----- Information shown -----

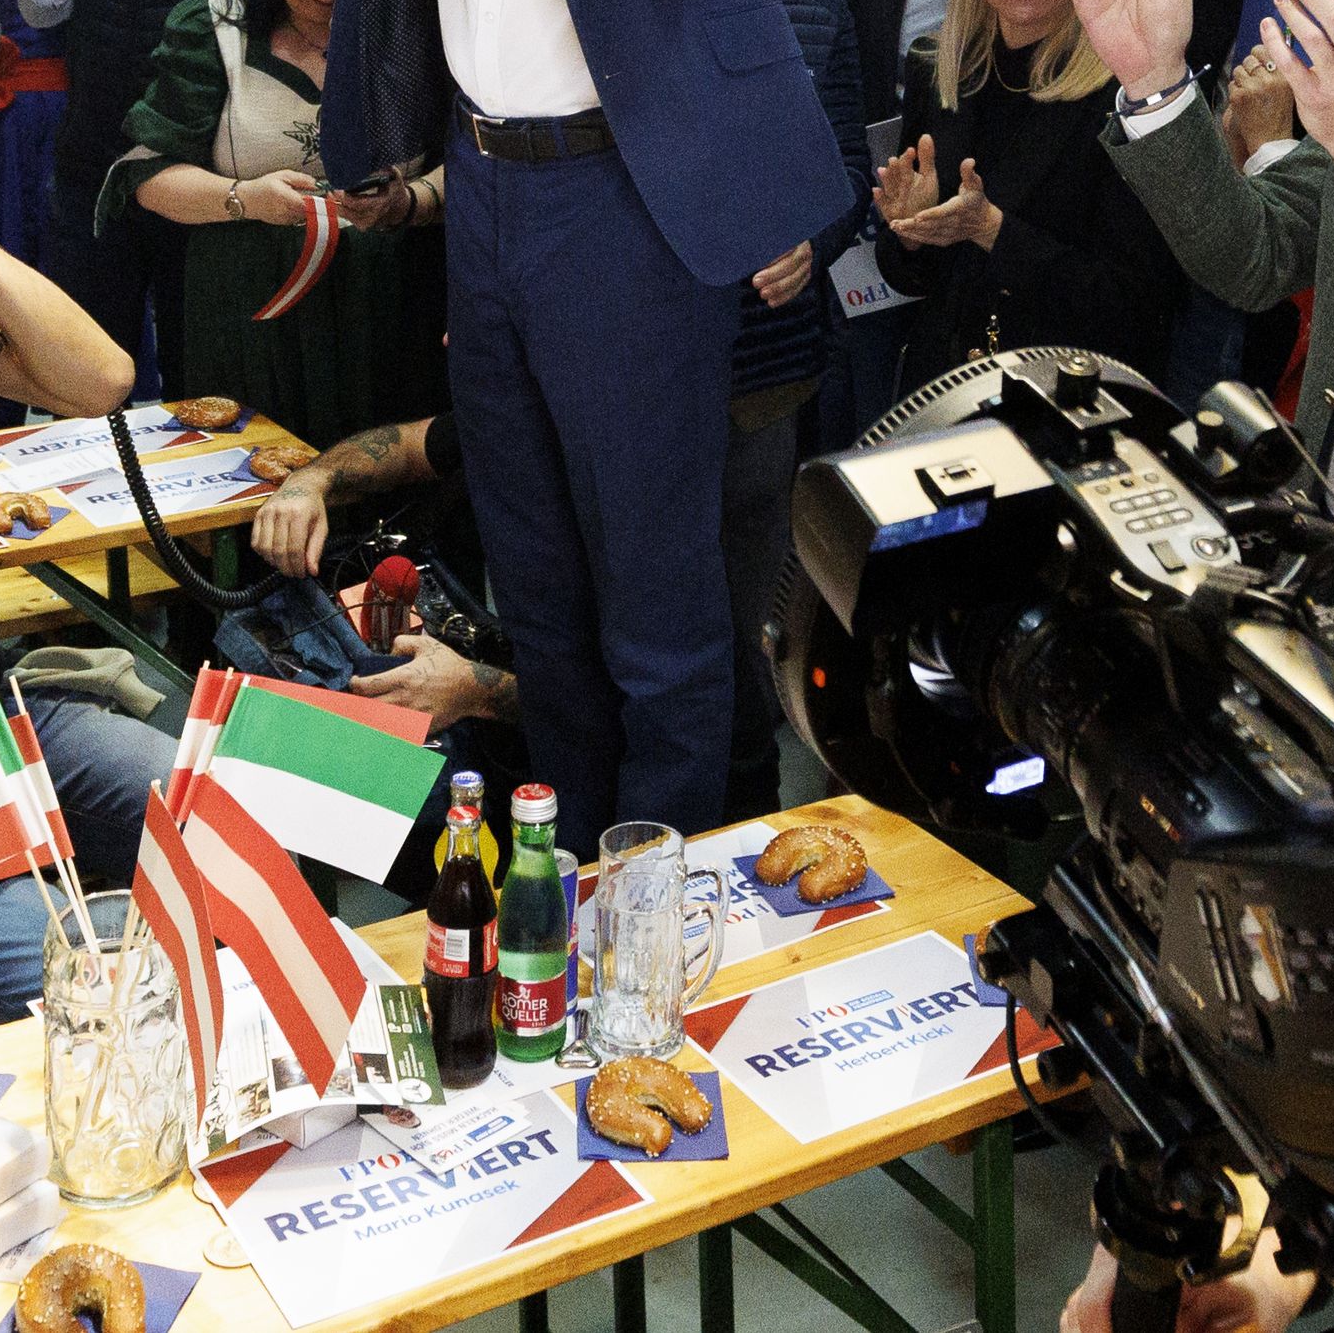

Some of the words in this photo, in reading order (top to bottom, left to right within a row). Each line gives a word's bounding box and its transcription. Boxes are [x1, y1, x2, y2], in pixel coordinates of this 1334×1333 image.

[502, 1008, 547, 1022] QUELLE
[745, 981, 980, 1078] RESERVIERT
[835, 1033, 909, 1073] Herbert
[908, 1023, 954, 1053] Kickl
[264, 1129, 559, 1242] RESERVIERT
[354, 1213, 421, 1241] Mario
[424, 1177, 520, 1218] Kunasek
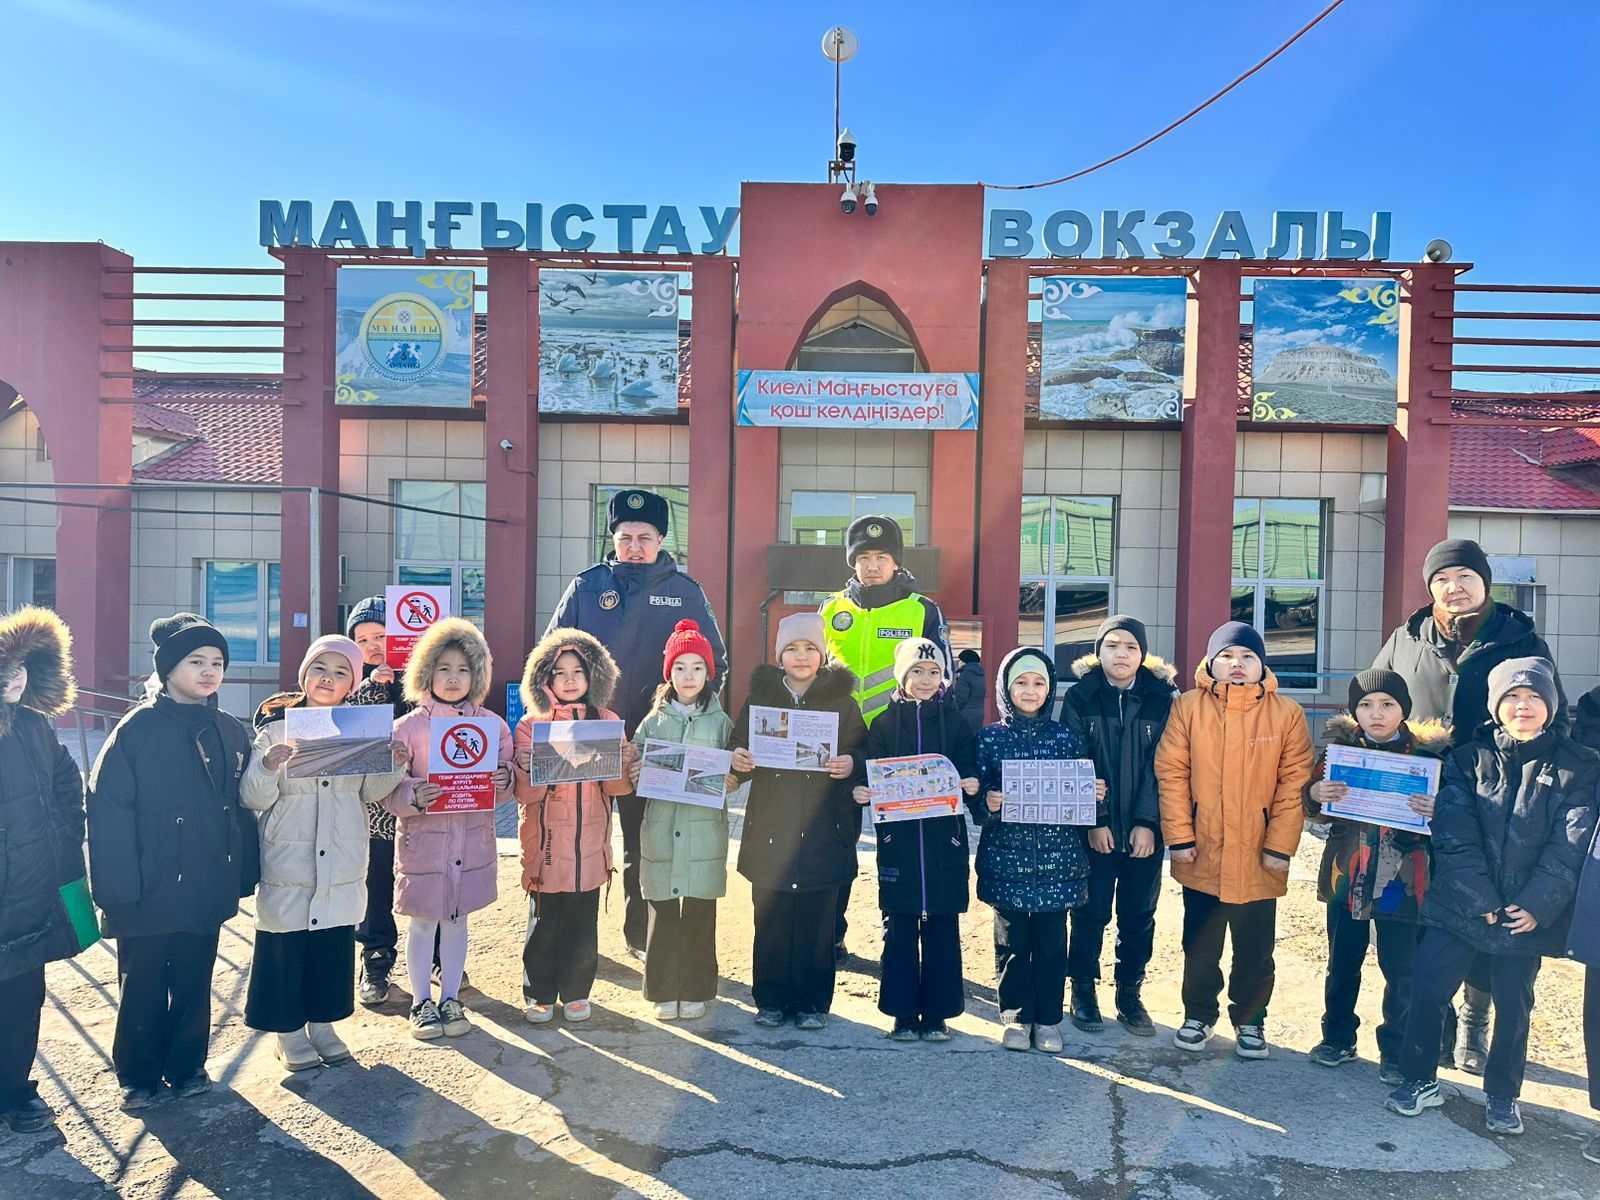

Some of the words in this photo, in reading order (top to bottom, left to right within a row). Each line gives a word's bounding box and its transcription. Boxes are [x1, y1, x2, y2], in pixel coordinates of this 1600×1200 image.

[259, 200, 740, 257] МАҢҒЫСТАУ
[988, 209, 1392, 260] ВОКЗАЛЫ
[757, 378, 812, 396] Киелі
[817, 379, 958, 401] Маңғыстауға
[770, 403, 812, 420] қош
[817, 402, 945, 424] келдіңіздер!
[880, 630, 909, 638] POLISIA
[918, 643, 936, 660] NY
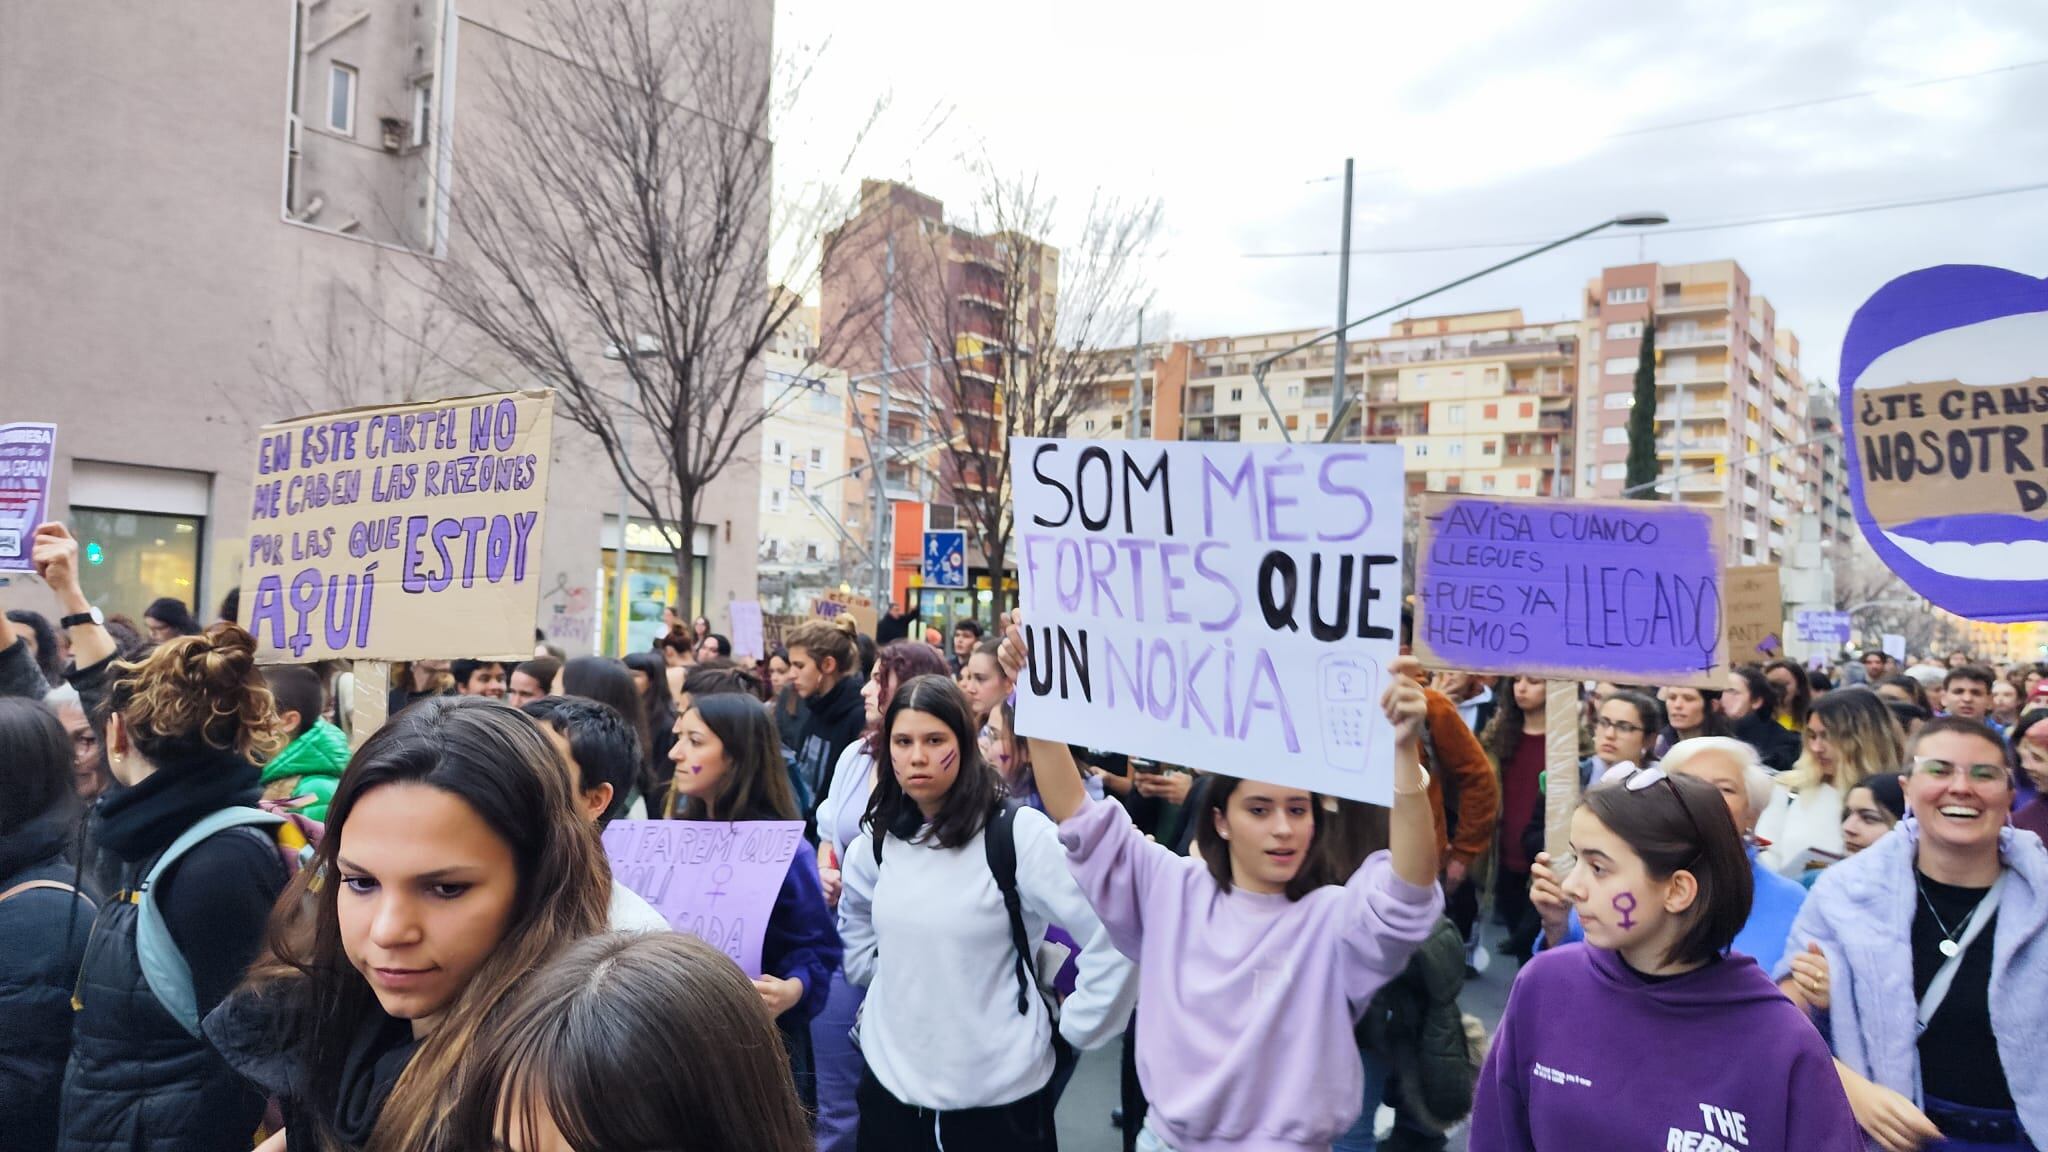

-----

## Task item
If an entry contains an image, skip the image and return the rest of the listing unchanged.

## Exercise solution
Some of the words in this photo, in reading order (top to bottom, left to right within a row). Each line gives a word's bounding box and its transcription. Boxes are [x1, y1, x2, y2], in pixel coordinates of this 1334×1333 image.

[502, 1008, 547, 1022] QUELLE
[745, 981, 980, 1078] RESERVIERT
[835, 1033, 909, 1073] Herbert
[908, 1023, 954, 1053] Kickl
[264, 1129, 559, 1242] RESERVIERT
[354, 1213, 421, 1241] Mario
[424, 1177, 520, 1218] Kunasek

Some of the words in this photo, in reading order (top to bottom, left to right within a row). Each line gives a word's bounding box and its transcription. Boxes are [x1, y1, x2, y2], in pixel coordinates of this 1600×1200 image.

[259, 200, 740, 257] МАҢҒЫСТАУ
[988, 209, 1392, 260] ВОКЗАЛЫ
[757, 378, 812, 396] Киелі
[817, 379, 958, 401] Маңғыстауға
[770, 403, 812, 420] қош
[817, 402, 945, 424] келдіңіздер!
[880, 630, 909, 638] POLISIA
[918, 643, 936, 660] NY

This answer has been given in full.